Efan Ekoku

Personal information
- Full name: Efangwu Goziem Ekoku
- Date of birth: 8 June 1967 (age 59)
- Place of birth: Cheetham Hill, England
- Position: Striker

Youth career
- 1989–1990: Sutton United

Senior career*
- Years: Team / Apps / (Gls)
- 1989–1990: Sutton United / 57 / (12)
- 1990–1993: AFC Bournemouth / 62 / (21)
- 1993–1994: Norwich City / 38 / (16)
- 1994–1999: Wimbledon / 123 / (37)
- 1999–2001: Grasshoppers / 28 / (19)
- 2000–2001: → Sheffield Wednesday (loan) / 32 / (7)
- 2001–2003: Sheffield Wednesday / 27 / (7)
- 2003: Brentford / 0 / (0)
- 2004: Dublin City / 13 / (0)
- Total:  / 335 / (119)

International career
- 1994–1995: Nigeria / 5 / (0)
- Relatives: Abi Ekoku (brother)

= Efan Ekoku =

Nigeria international footballer

Efangwu Goziem Ekoku (born 8 June 1967) is a Nigerian former professional footballer and sports commentator.
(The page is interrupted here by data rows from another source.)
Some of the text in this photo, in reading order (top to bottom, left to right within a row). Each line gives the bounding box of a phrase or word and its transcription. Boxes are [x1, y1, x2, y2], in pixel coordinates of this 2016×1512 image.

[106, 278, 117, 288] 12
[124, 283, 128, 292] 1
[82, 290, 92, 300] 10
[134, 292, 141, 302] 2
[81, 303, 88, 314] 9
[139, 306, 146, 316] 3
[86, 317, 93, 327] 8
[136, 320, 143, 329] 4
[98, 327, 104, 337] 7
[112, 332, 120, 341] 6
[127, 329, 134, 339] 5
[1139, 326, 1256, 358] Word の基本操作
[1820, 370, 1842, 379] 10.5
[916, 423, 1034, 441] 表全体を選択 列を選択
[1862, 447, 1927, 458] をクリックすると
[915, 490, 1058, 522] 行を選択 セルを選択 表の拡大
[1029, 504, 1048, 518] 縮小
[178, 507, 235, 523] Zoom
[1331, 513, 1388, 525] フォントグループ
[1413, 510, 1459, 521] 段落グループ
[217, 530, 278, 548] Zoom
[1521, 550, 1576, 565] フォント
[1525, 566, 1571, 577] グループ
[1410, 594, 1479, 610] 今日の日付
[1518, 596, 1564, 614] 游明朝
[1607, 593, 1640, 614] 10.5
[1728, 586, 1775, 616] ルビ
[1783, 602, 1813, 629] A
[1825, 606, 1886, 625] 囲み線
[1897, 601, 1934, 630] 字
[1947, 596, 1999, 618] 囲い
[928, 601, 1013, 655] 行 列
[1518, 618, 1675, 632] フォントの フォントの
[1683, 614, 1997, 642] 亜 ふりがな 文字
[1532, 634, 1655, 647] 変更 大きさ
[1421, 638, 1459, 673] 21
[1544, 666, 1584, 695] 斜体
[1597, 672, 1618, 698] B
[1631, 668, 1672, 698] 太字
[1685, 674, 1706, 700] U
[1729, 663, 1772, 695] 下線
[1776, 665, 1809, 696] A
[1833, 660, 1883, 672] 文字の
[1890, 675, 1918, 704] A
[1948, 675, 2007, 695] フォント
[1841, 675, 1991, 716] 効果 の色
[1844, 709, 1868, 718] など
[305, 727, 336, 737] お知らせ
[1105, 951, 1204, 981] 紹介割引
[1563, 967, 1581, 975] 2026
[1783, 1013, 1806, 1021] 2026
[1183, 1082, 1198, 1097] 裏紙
As a player, he was a striker who played in the Premier League for Norwich City and Wimbledon, and in Switzerland for Grasshoppers. He also played in the Football League for AFC Bournemouth and Sheffield Wednesday, as well as in the League of Ireland with Dublin City and in non-league with Sutton United. He was capped five times by Nigeria and featured in World Cup 94.

==Playing career==
Ekoku began his career at Sutton Utd, but made the move into league football in the summer of 1990 when he signed for AFC Bournemouth, who had just been relegated to the Third Division. His start in the Football League was unspectacular, as he managed just 20 games and three goals during the 1990–91 season for a Cherries side who finished mid table. He did better in 1991–92, scoring 11 goals in 28 league games. He managed seven goals from 14 games in 1992–93 before a £500,000 move to Norwich City on 26 March 1993 took him to the Premier League.

He arrived at Carrow Road when Norwich were in the thick of the title race under the management of Mike Walker. Ekoku scored three goals in ten games in what was left of that campaign, and although Norwich were beaten to the title by Manchester United, Ekoku and his teammates had achieved a third-place finish and qualified for the UEFA Cup.
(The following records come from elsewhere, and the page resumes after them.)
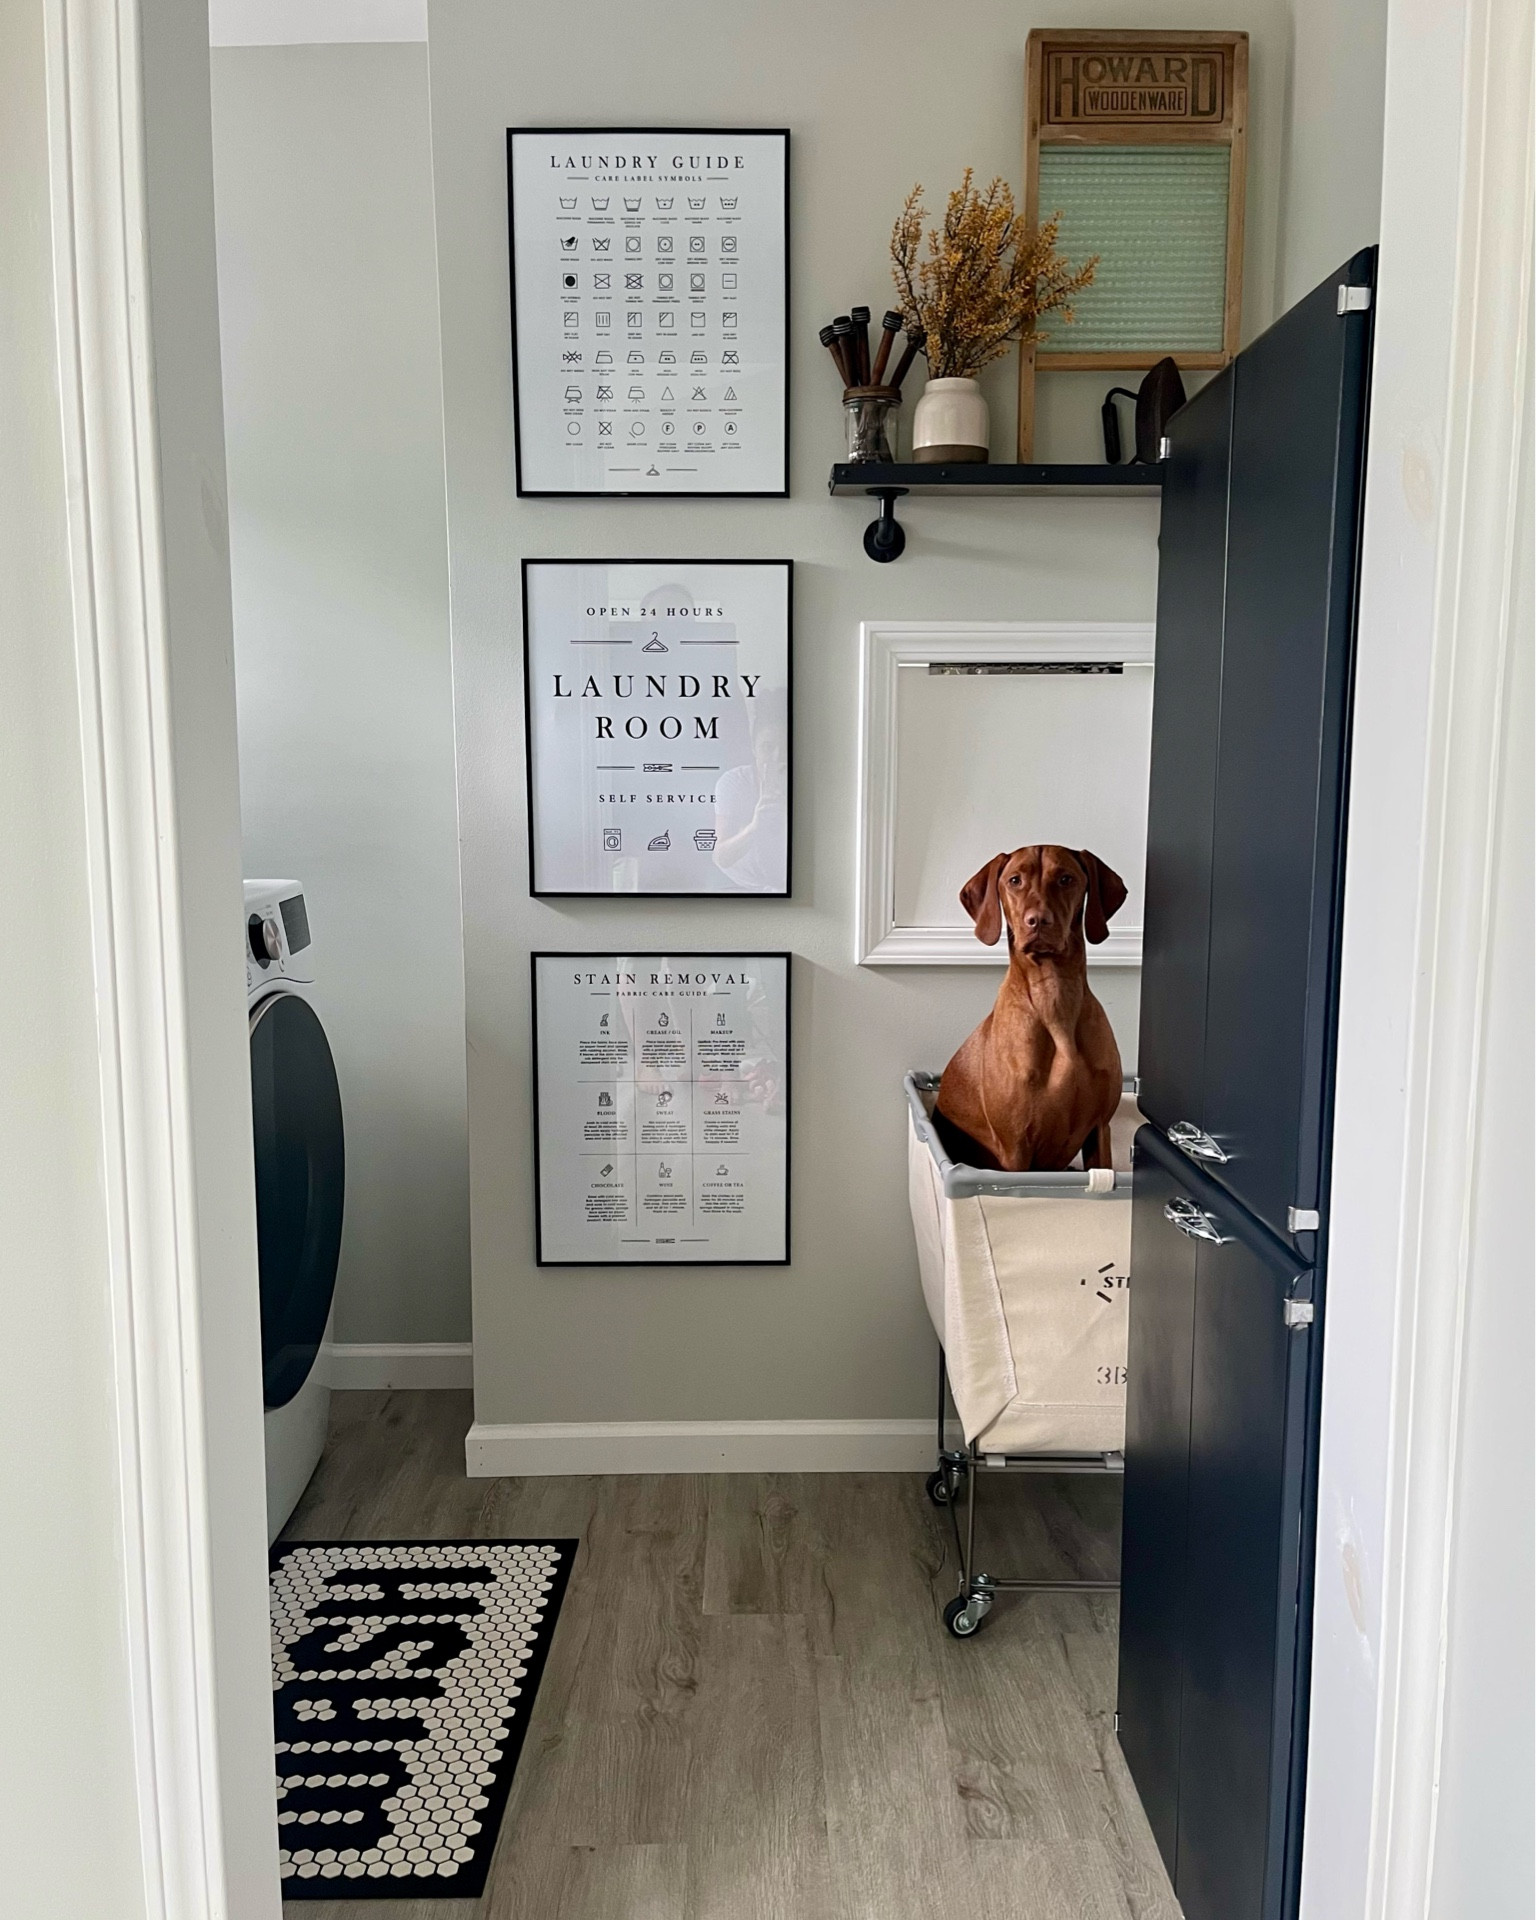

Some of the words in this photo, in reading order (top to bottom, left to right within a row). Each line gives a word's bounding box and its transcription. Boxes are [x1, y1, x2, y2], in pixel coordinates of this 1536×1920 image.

[1054, 56, 1217, 118] HOWARD
[1088, 90, 1184, 112] WOODENWARE
[550, 155, 659, 169] LAUNDRY
[672, 155, 745, 169] GUIDE
[658, 175, 703, 183] SYMBOLS
[586, 606, 631, 617] OPEN
[640, 607, 657, 617] 24
[666, 607, 724, 617] HOURS
[552, 674, 762, 699] LAUNDRY
[595, 716, 720, 740] ROOM
[598, 793, 638, 803] SELF
[646, 793, 717, 804] SERVICE
[573, 973, 637, 985] STAIN
[650, 973, 751, 985] REMOVAL
He scored Norwich's first ever goal in European competition, against Vitesse Arnhem in the UEFA Cup on 15 September 1993, and famously helped them eliminate German club Bayern Munich in the next round. Just ten days later he scored four goals as Norwich beat Everton 5–1 at Goodison Park, becoming the first player to score more than three goals in a Premier League game. He managed a total of 27 league games that season, scoring 12 goals in the league (and 14 times in all competitions), although a slump in league form after manager Mike Walker departed to Everton in January saw the Canaries finish 12th in the league that season.

He remained at Carrow Road until 14 October 1994, when a £1 million fee took him to Wimbledon to replace long-serving John Fashanu as strike partner to Dean Holdsworth. Ekoku had played six times for the Canaries in 1994–95, but didn't score a goal and was faced with competition for a regular place in the Carrow Road attack from new signing Mike Sheron.
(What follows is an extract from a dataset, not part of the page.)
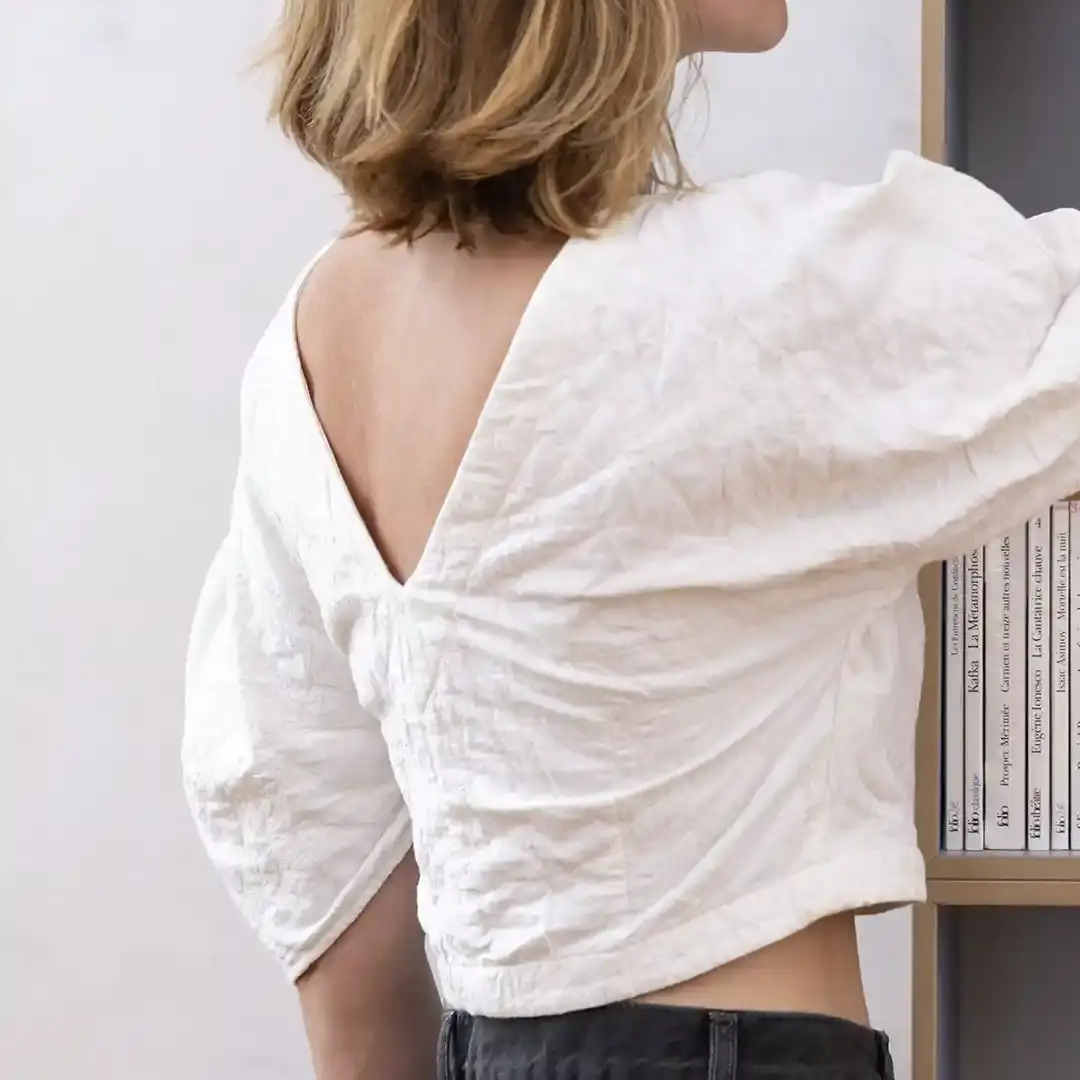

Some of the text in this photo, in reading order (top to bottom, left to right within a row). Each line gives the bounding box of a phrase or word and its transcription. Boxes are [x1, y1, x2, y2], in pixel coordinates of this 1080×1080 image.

He was the club's top scorer in the league that season with nine goals as they finished ninth in the league.

He managed seven goals in the 1995–96 season and had a particularly exciting campaign in 1996–97, when Wimbledon finished eighth and were semi-finalists in both of the domestic cups. He was also their top scorer with 11 league goals.

However, his first team chances were restricted over the next two seasons, and after nearly a year on the transfer list - and a number of clubs expressing interest in signing him - he moved to Switzerland in a £500,000 move to Grasshoppers on 27 August 1999. He had first requested to leave the club a year earlier, when he had declared his interest in joining a bigger Premier League club, and was subject of interest from the likes of Everton, Leicester City, Nottingham Forest and Southampton, with fees as high as £4 million being quoted.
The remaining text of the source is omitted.